INTRODUCTION


Le but de cette contribution est de proposer à l'ensemble du Groupe Bagnolet une problématique pour l'étude des stratégies d'entreprises face aux grands projets européens. Il s'appuie aussi très largement sur des notes de lecture dont j'ai pensé qu'il était important de les diffuser auprès des autres membres de l'équipe (en particulier en ce qui concerne les publications françaises, bien souvent inconnues ailleurs parce que rarement traduites).

Concernant l'étude thématique des stratégies d'entreprises, le développement des joint-ventures internationales nous conduit à inclure le double mouvement de rivalité et de coopération qui s'opère dans les relations entre les firmes. Cela signifie de ne pas nous contenter d'un survey des révisions opérées dans le concept de stratégie au début des années 1980 – et pour lesquelles force est de reconnaître l'influence déterminante de Porter. L'analyse doit aussi s'enrichir des apports de l'économie industrielle internationale relatifs à la "mondialisation du capital" et à la redéfinition du concept d'entreprise multinationale (mais aussi de groupe industriel et financier), s'ils s'avèrent pertinents pour le secteur de la construction ou le secteur du Bâtiment et des Travaux Publics (BTP) (selon les différentes terminologies nationales).

Enfin, cette contribution propose d'intégrer aussi les apports de l'étude "institutionnelle", tels qu'ils peuvent être illustrés à travers les travaux du sociologue Fligstein (1990). En mettant l'accent sur le rôle des institutions (en particulier l'action de l'État et de la réglementation relative à la concurrence) et leur influence sur l'orientation du développement des grands groupes, Fligstein évoque l'appel déjà lancé par Coase et visant à mettre en relation l'interaction entre droit et concurrence pour comprendre à la fois ce que sont les firmes et comment elles orientent leur activité. Il dégage une voie qu'économistes et sociologues ont commencé à explorer: montrer comment l'économie et le comportement des firmes sont "imbriqués" (embedded) dans le champ social et institutionnel.
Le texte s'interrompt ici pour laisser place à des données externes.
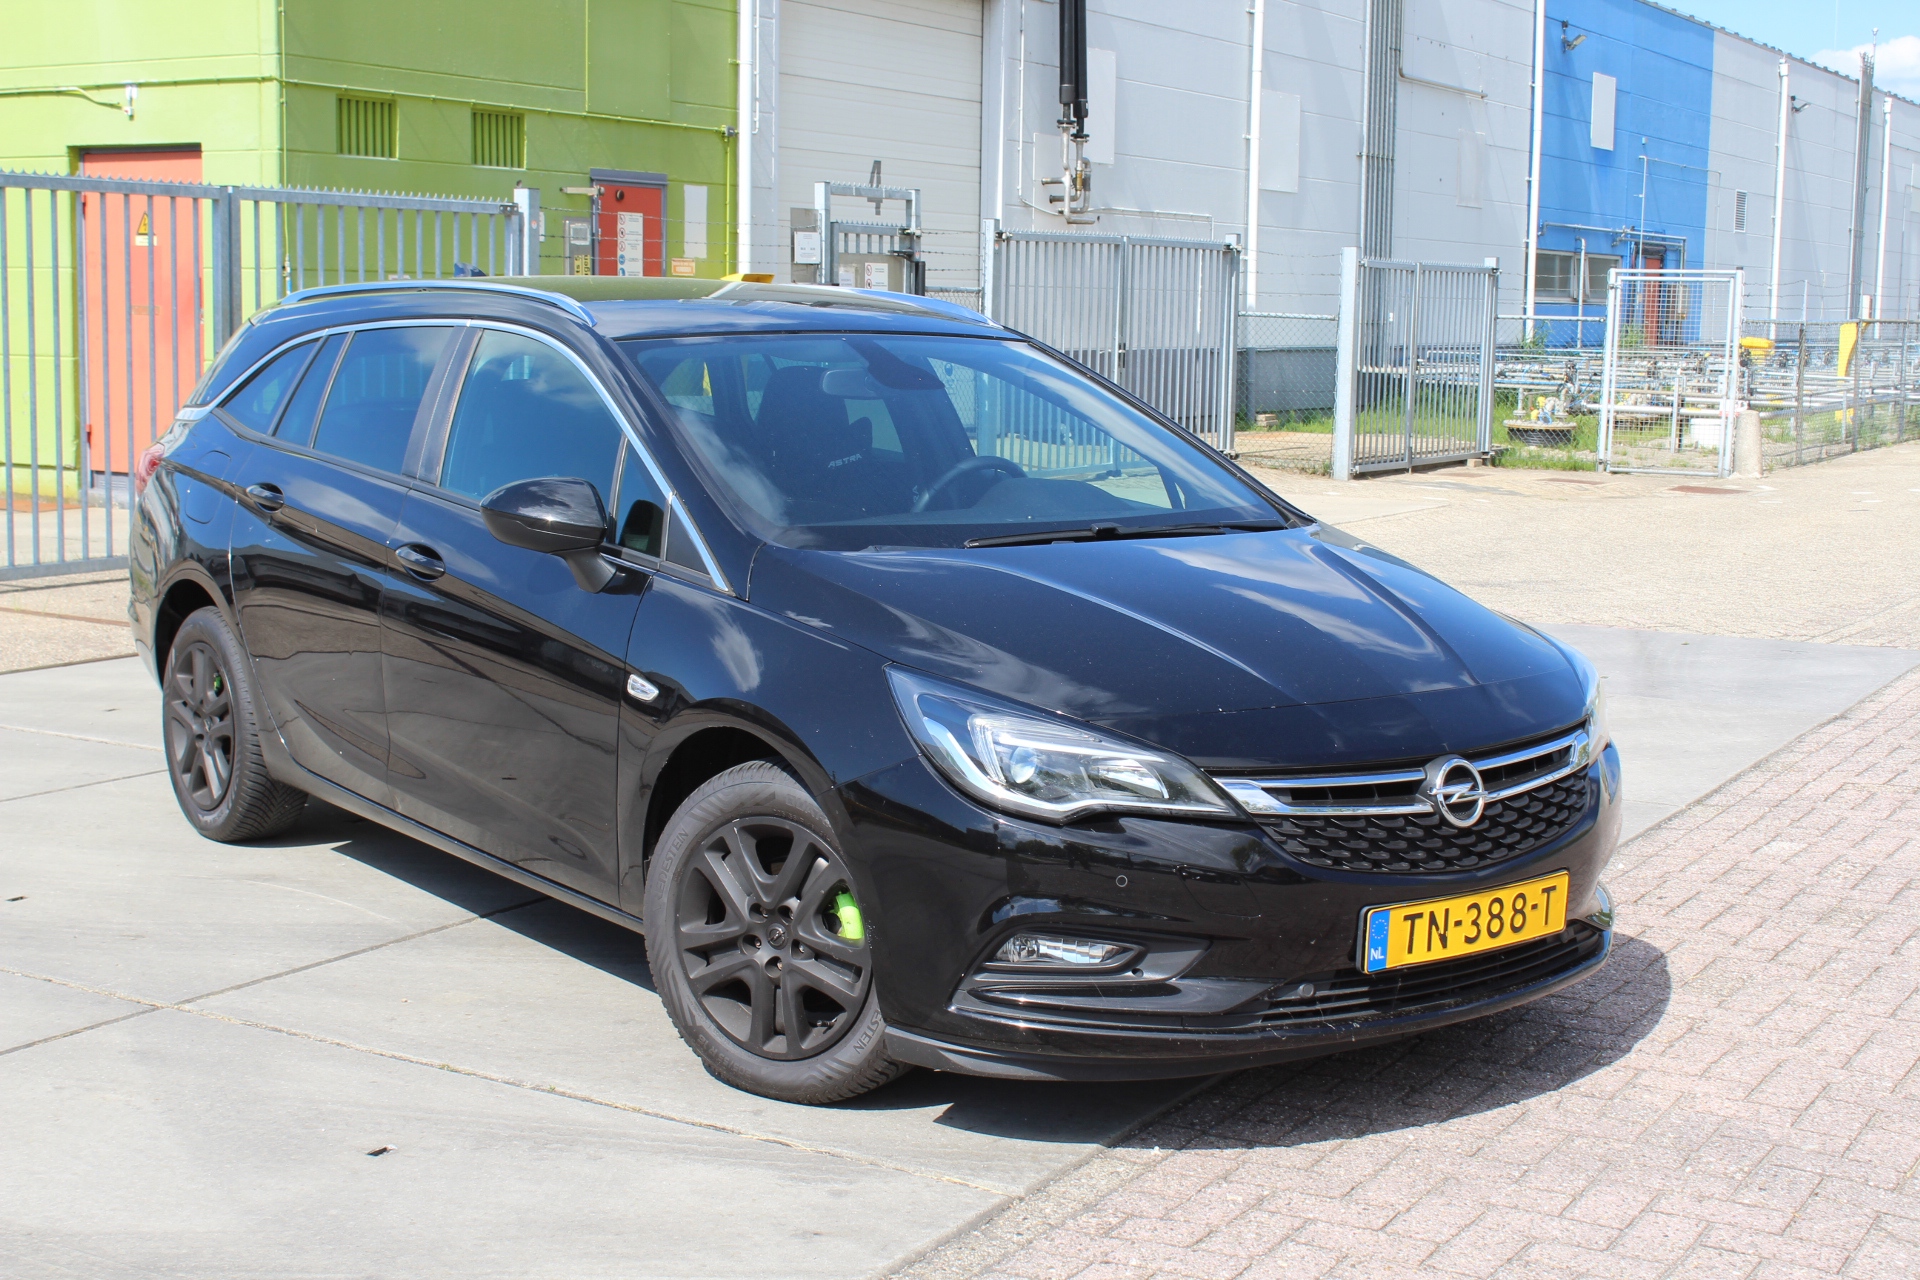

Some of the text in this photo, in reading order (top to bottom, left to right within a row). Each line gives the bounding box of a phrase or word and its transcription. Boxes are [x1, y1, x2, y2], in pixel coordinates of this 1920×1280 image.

Une telle voie ne peut être ignorée dans le cadre de la réalisation du marché unique européen: la conception de la concurrence qui se dessine à Bruxelles, mais aussi celle qui prévaut dans les différents pays contraignent les entreprises à tenir compte, sur ces grands projets en Europe, d'autres règles du jeu que celles héritées de leurs systèmes nationaux.
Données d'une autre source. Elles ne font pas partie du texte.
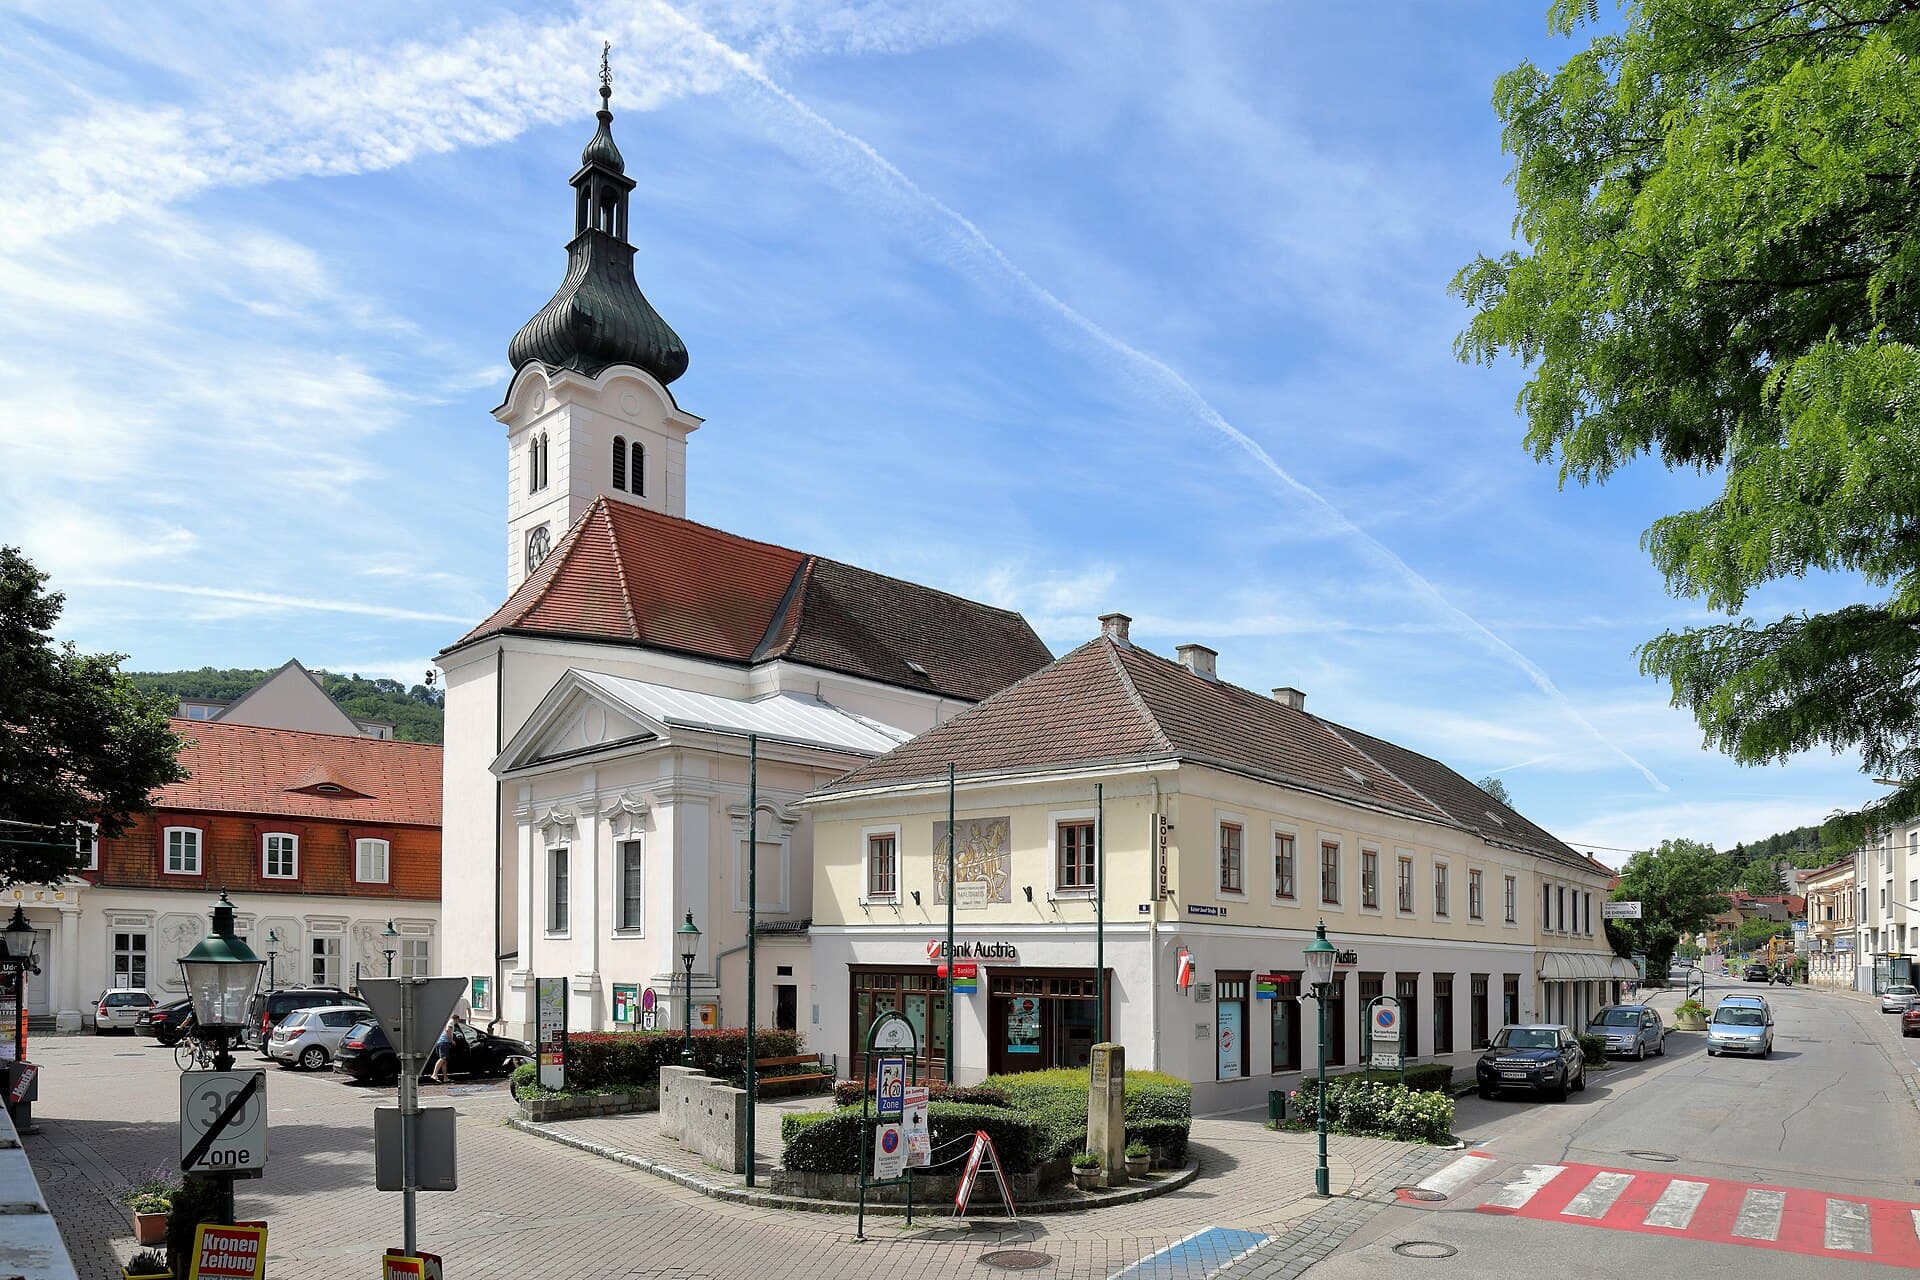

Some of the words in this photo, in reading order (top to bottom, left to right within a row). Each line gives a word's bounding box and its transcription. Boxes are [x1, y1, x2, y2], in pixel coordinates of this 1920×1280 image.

C'est donc en partant de ces trois grands axes : l'analyse concurrentielle ou la révision de l'approche des stratégies d'entreprise, la mondialisation du capital et le développement des joint ventures ; l'analyse "institutionnelle" appliquée à l'étude de la firme, que sont définies les propositions pour analyser les stratégies d'entreprise sur les grands projets.